> Exercise details:
All of the listing, from first line to last, should be output exactly; the pictures stay out.

> Material supplied:
○ ○ ○ ○ ○

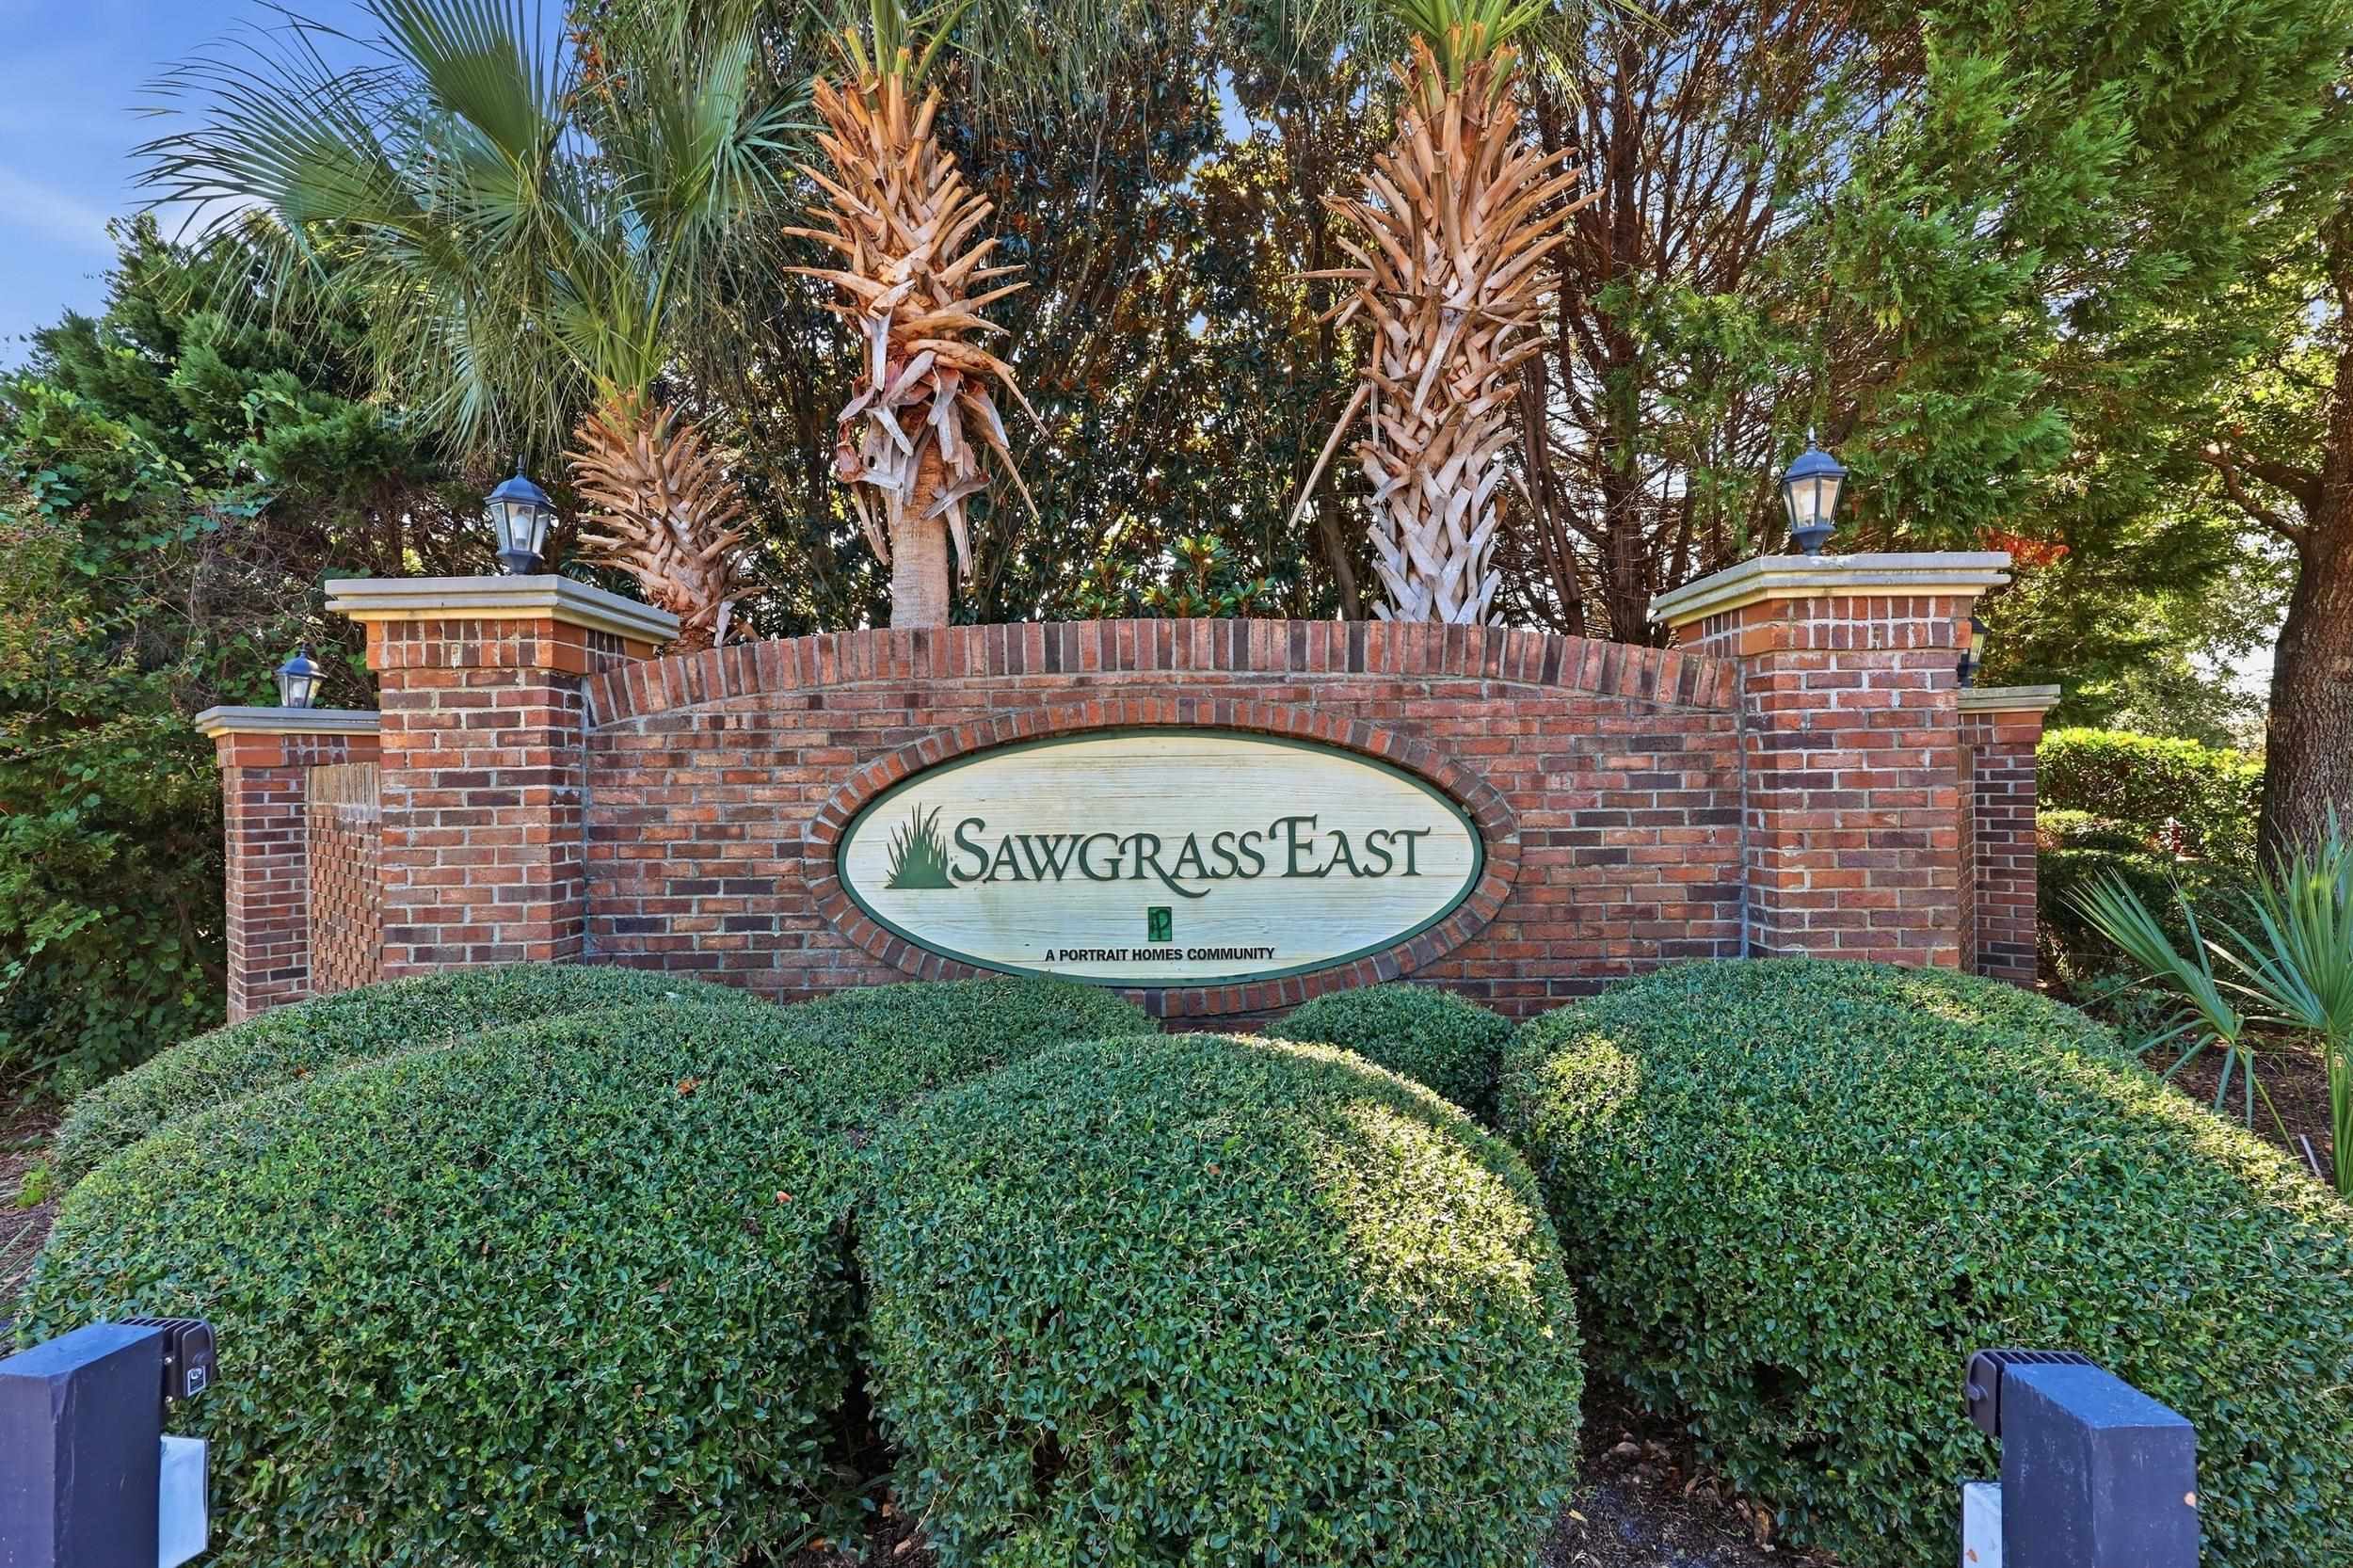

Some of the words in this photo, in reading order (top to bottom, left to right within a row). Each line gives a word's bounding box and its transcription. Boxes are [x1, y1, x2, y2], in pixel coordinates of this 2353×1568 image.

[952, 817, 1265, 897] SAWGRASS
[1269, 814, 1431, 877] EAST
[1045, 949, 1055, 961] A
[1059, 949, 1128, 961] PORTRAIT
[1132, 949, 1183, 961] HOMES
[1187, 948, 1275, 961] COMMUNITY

○ ○ ○ ○ ○

> Answer for this exercise:
Some of the words in this photo, in reading order (top to bottom, left to right within a row). Each line gives a word's bounding box and its transcription. Boxes are [x1, y1, x2, y2], in pixel coordinates of this 2353×1568 image.

[952, 817, 1265, 897] SAWGRASS
[1269, 814, 1431, 877] EAST
[1045, 949, 1055, 961] A
[1059, 949, 1128, 961] PORTRAIT
[1132, 949, 1183, 961] HOMES
[1187, 948, 1275, 961] COMMUNITY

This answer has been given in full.